(Spatial localization data)
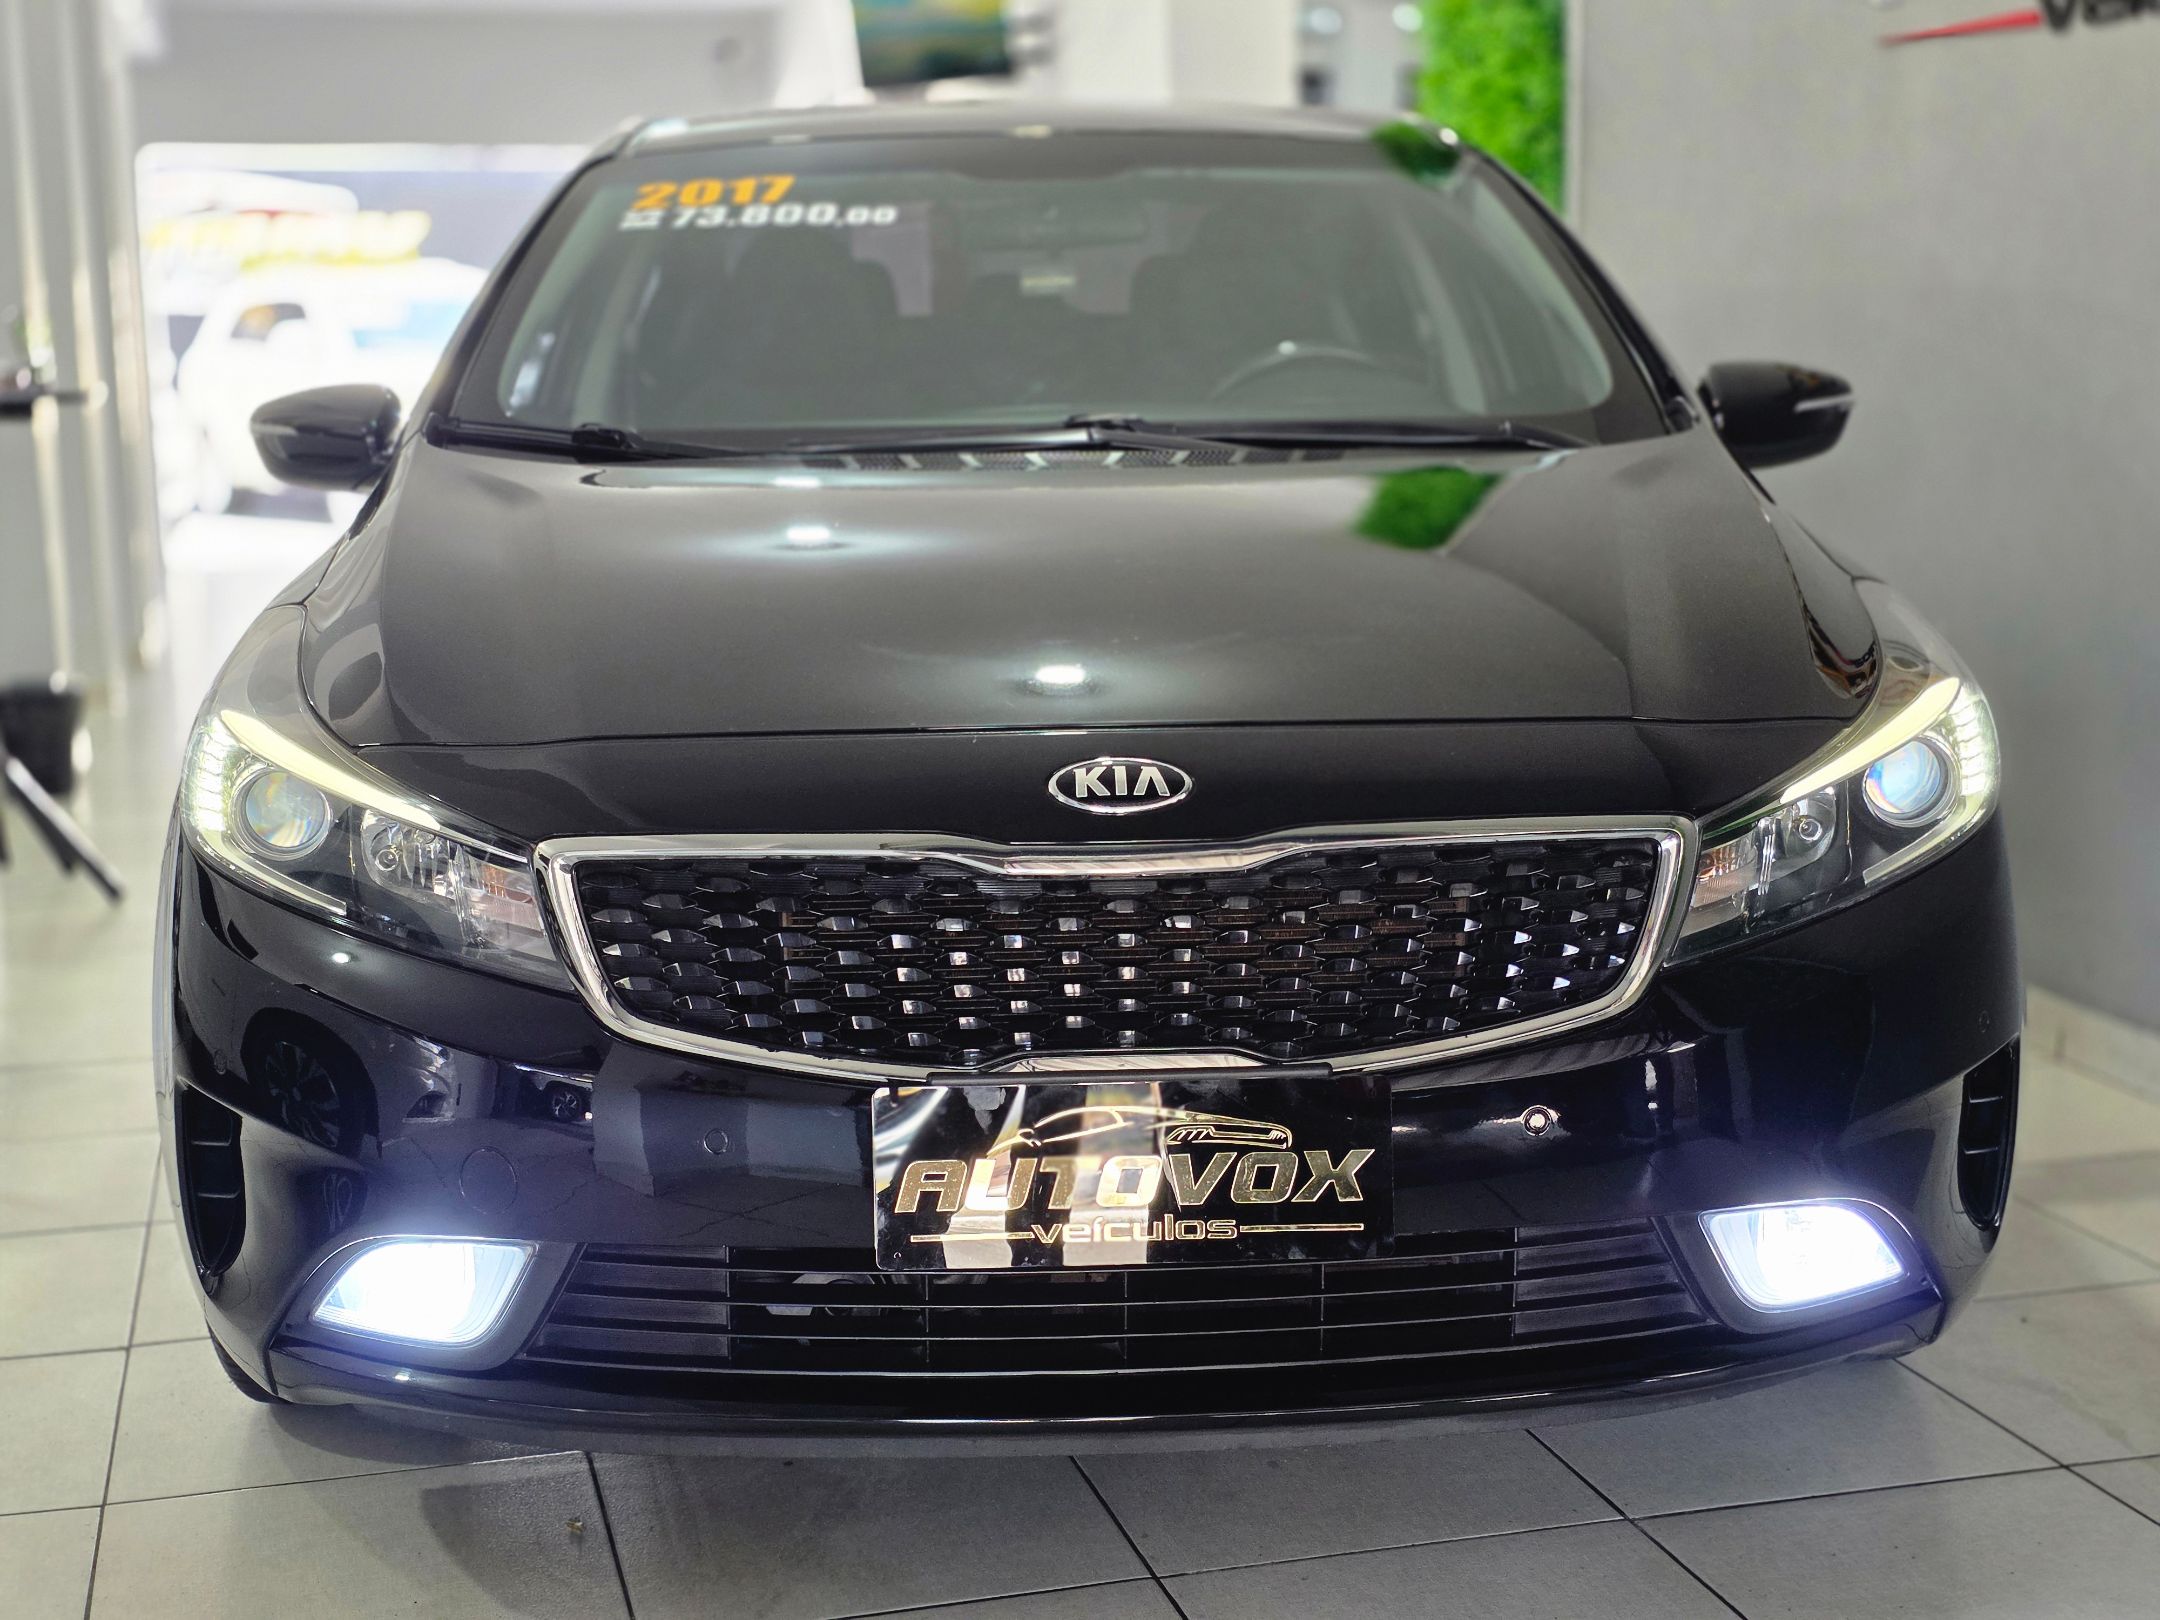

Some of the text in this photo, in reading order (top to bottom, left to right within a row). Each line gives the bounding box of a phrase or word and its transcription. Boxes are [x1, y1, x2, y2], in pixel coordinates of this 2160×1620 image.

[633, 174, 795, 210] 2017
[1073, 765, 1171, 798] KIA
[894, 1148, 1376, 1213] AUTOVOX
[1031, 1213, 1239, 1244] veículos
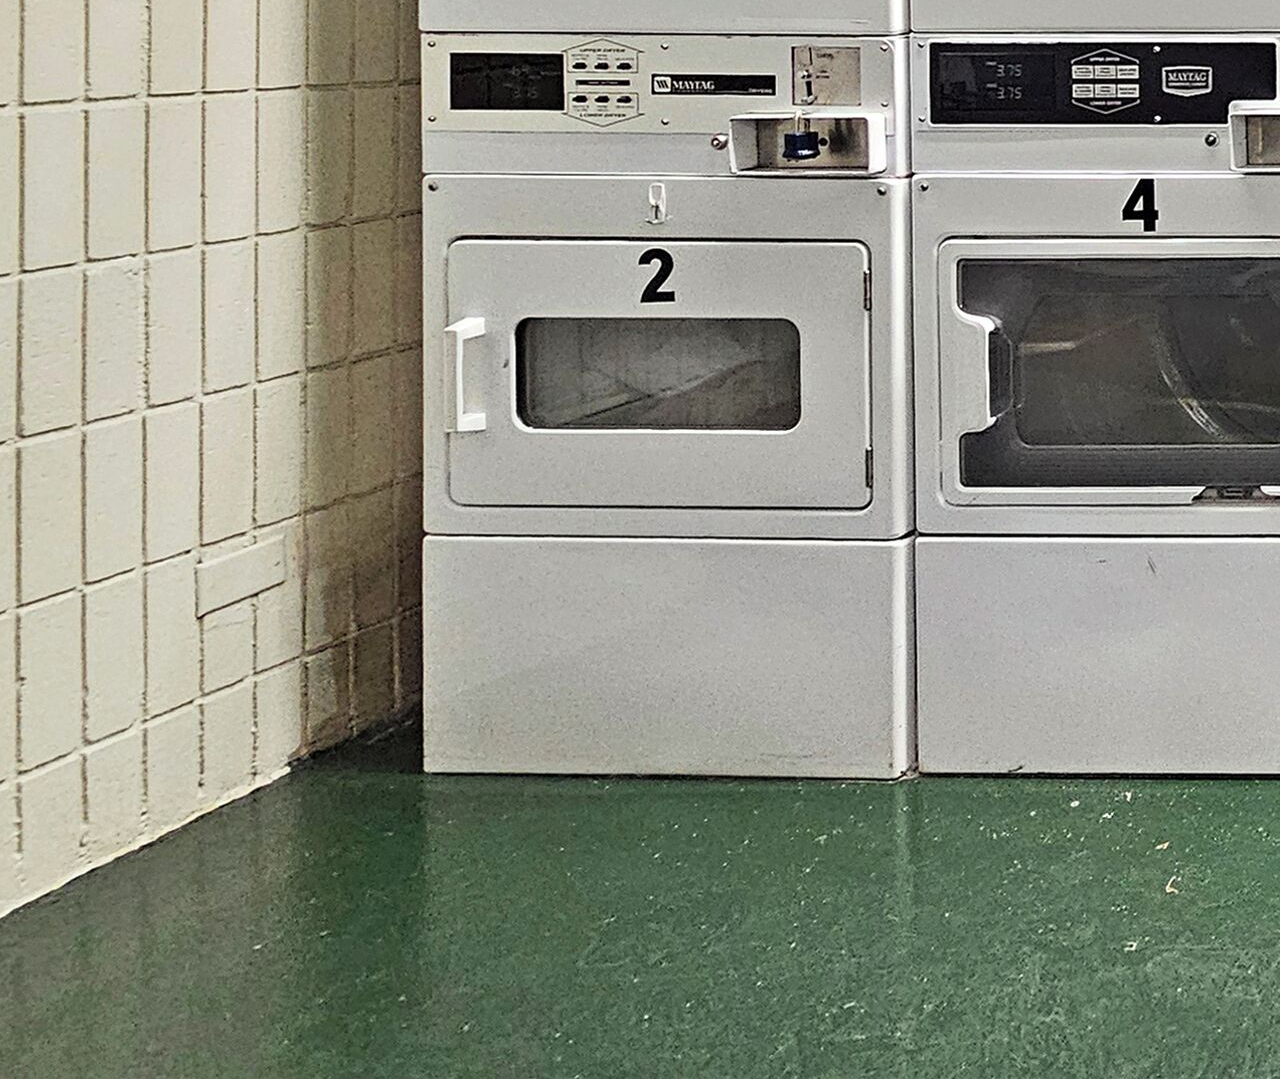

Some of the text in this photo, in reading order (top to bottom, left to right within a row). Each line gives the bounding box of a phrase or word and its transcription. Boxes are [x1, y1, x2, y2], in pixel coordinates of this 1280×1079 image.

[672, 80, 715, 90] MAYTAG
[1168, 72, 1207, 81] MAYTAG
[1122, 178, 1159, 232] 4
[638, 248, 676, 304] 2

Instructions for the task - Restate the records above in full and word for word, but do not carry over any pictures.

Output of the exercise -
Some of the text in this photo, in reading order (top to bottom, left to right within a row). Each line gives the bounding box of a phrase or word and its transcription. Boxes are [x1, y1, x2, y2], in pixel coordinates of this 2160×1620 image.

[633, 174, 795, 210] 2017
[1073, 765, 1171, 798] KIA
[894, 1148, 1376, 1213] AUTOVOX
[1031, 1213, 1239, 1244] veículos

Some of the text in this photo, in reading order (top to bottom, left to right within a row). Each line gives the bounding box of a phrase or word and its transcription. Boxes are [x1, y1, x2, y2], in pixel coordinates of this 1280×1079 image.

[672, 80, 715, 90] MAYTAG
[1168, 72, 1207, 81] MAYTAG
[1122, 178, 1159, 232] 4
[638, 248, 676, 304] 2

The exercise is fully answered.